Let $G$ be a group and let $H,K$ be subgroups of $G$ such that $G=H \rtimes K$.
(i) Show that if $K \lhd G$, then $kh=hk$ for all $h \in H, k \in K$.
(ii) Deduce that $G$ is abelian if and only if $H,K$ are abelian and $K \lhd G$
I am completely lost with the exercise. First of all, the hypothesis is that $G$ is isomorphic to the external semidirect product of $H$ and $K$, but it doesn't say anything about the morphism $\rho:K \to Aut(H)$, I know that the external semidirect product multiplication is $(h_1,k_1).(h_2,k_2)=(h_1\rho(k_1)(h_2),k_1k_2)$. I don't know how to use the fact that $K$ is normal and the structure of the semidirect product in order to show (a) or (b), I would appreciate hints and suggestions to do both parts of the problem.

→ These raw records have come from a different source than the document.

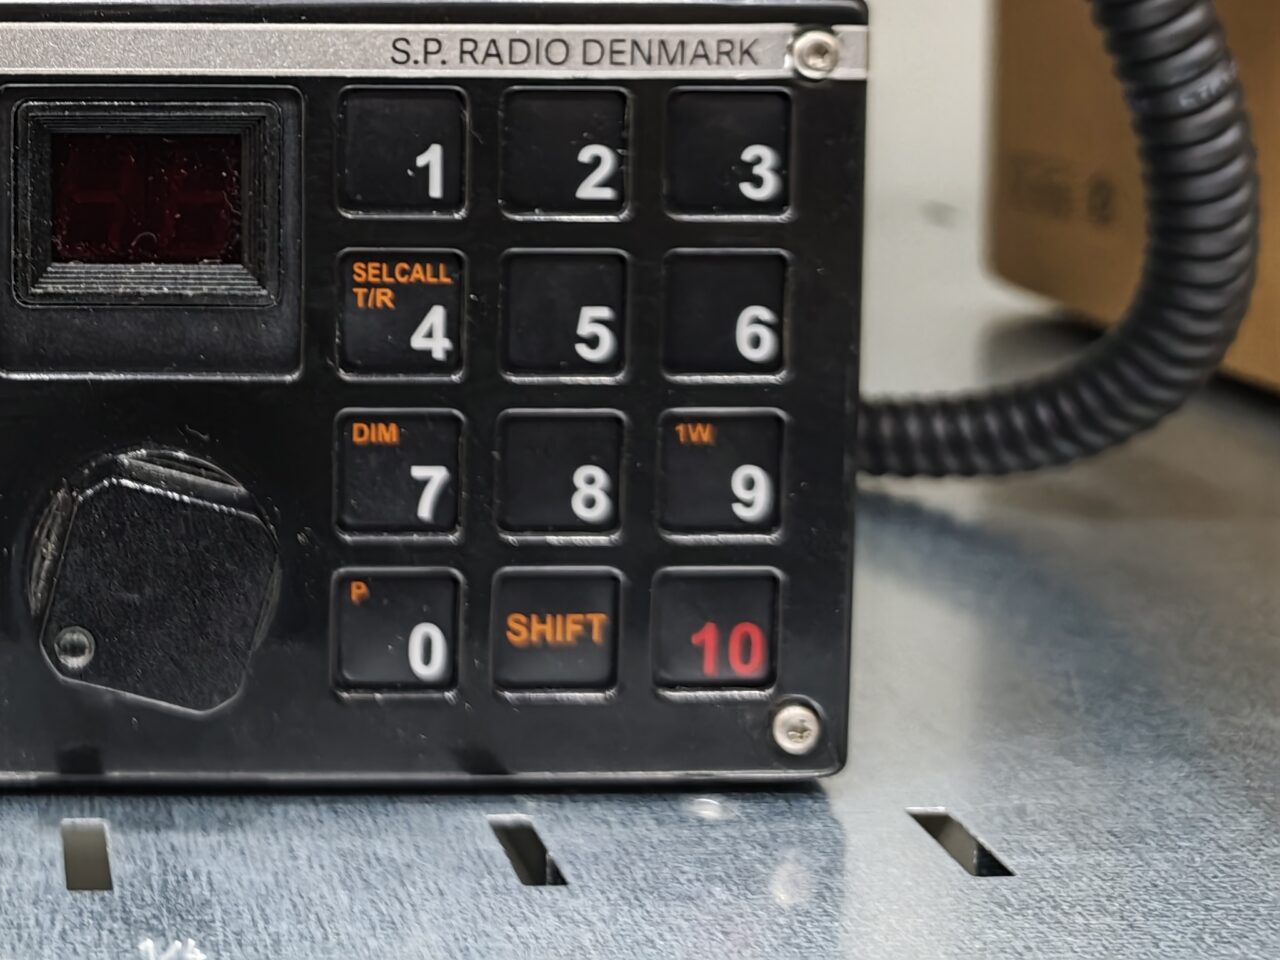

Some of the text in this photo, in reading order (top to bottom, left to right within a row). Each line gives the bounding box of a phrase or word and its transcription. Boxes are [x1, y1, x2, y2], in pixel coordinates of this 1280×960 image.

[390, 37, 760, 66] S.P. RADIO DENMARK
[415, 143, 444, 199] 1
[575, 144, 618, 200] 2
[738, 144, 782, 201] 3
[352, 261, 454, 285] SELCALL
[352, 288, 396, 309] T/R
[409, 304, 454, 362] 4
[574, 305, 617, 363] 5
[735, 305, 779, 363] 6
[352, 422, 401, 445] DIM
[675, 422, 716, 445] 1W
[410, 465, 451, 523] 7
[570, 464, 612, 523] 8
[730, 464, 774, 523] 9
[350, 581, 370, 605] P
[407, 621, 449, 682] 0
[505, 612, 609, 648] SHIFT
[690, 621, 767, 679] 10
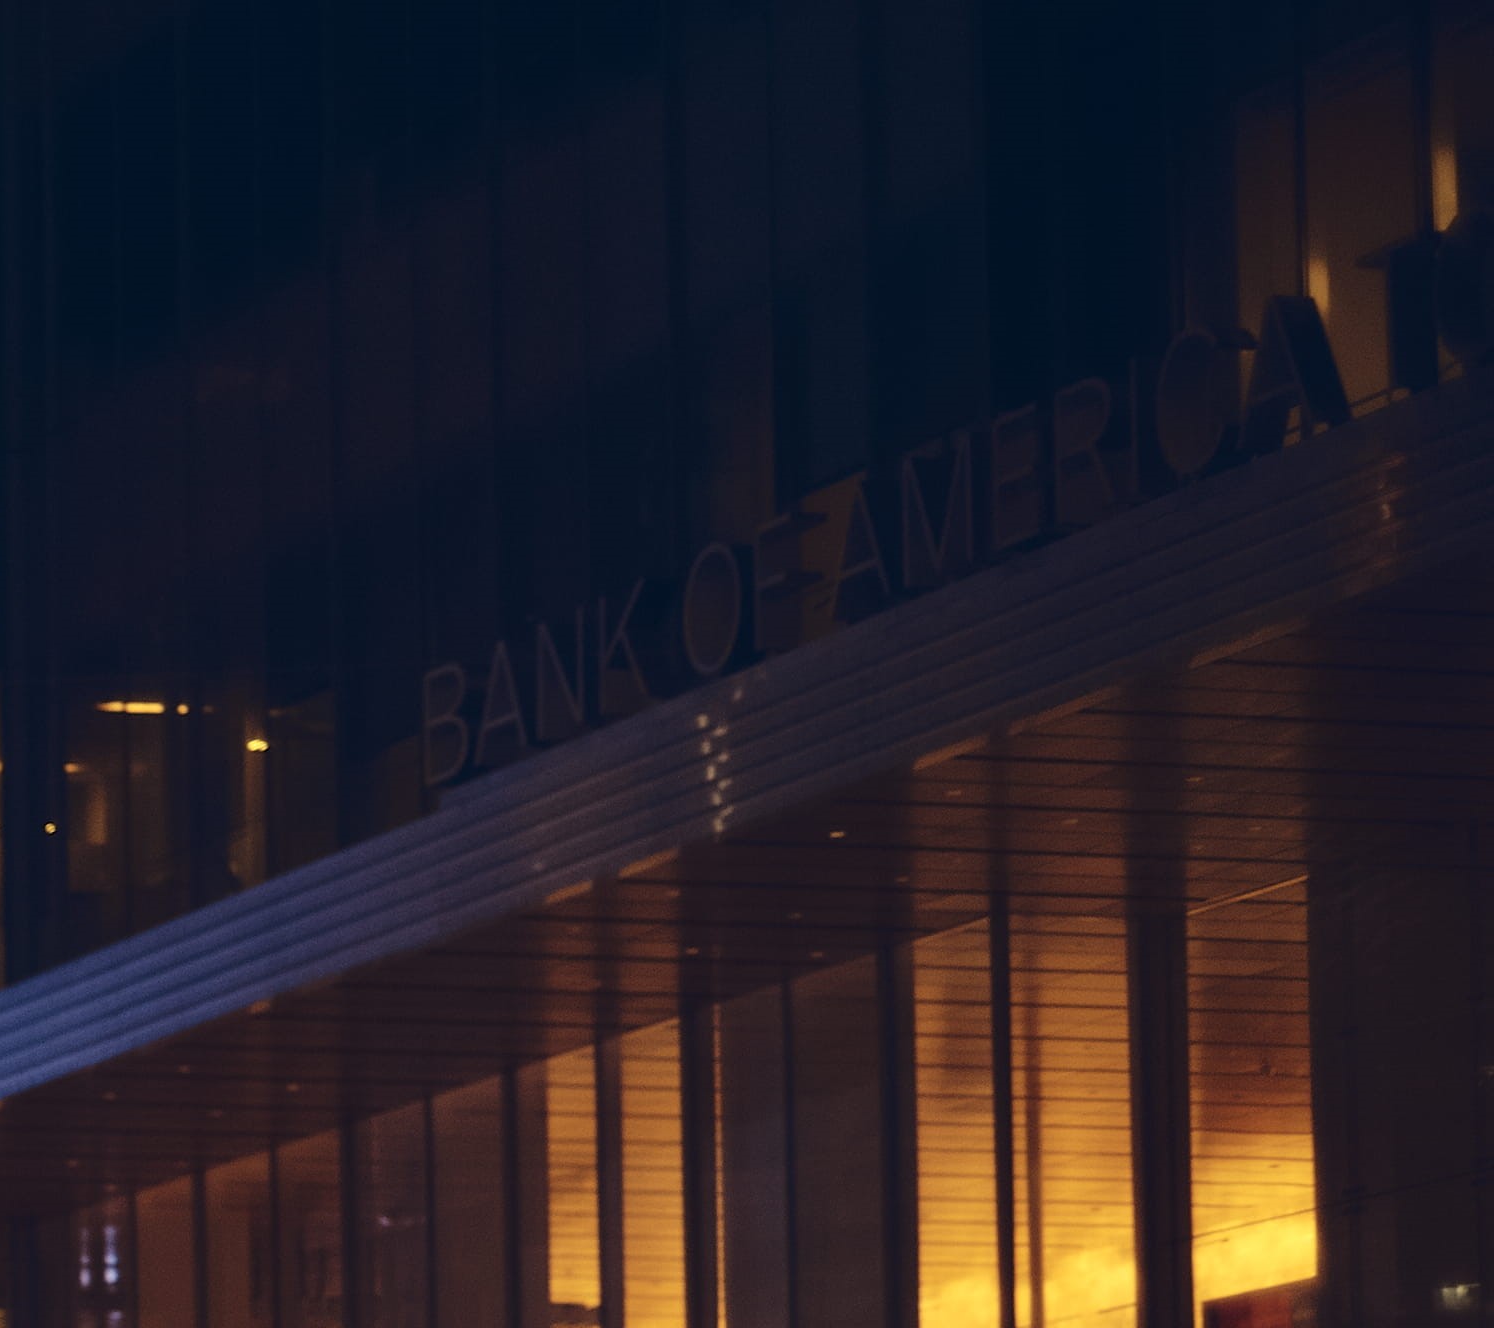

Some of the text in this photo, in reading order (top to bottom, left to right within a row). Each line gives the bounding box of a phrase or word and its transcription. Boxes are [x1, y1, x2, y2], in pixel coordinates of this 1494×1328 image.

Let $K \lhd G$. Then, $h^{-1}(k^{-1}hk)$ lies in $H$ as $H$ is normal, and $(h^{-1}k^{-1}h)k$ lies in $K$ as $K$ is normal. As their intersection is $1$, we have that $h^{-1}k^{-1}hk=1$, i.e. $hk=kh$.
Now, If $H$, $K$ are abelian, and $K \lhd G$, then the above computation shows that all elements of $G$ commute, and so $G$ is abelian.
The converse is trivial (why?)
Note that we do not require the actual automorphism $\rho$ for any of the above computations.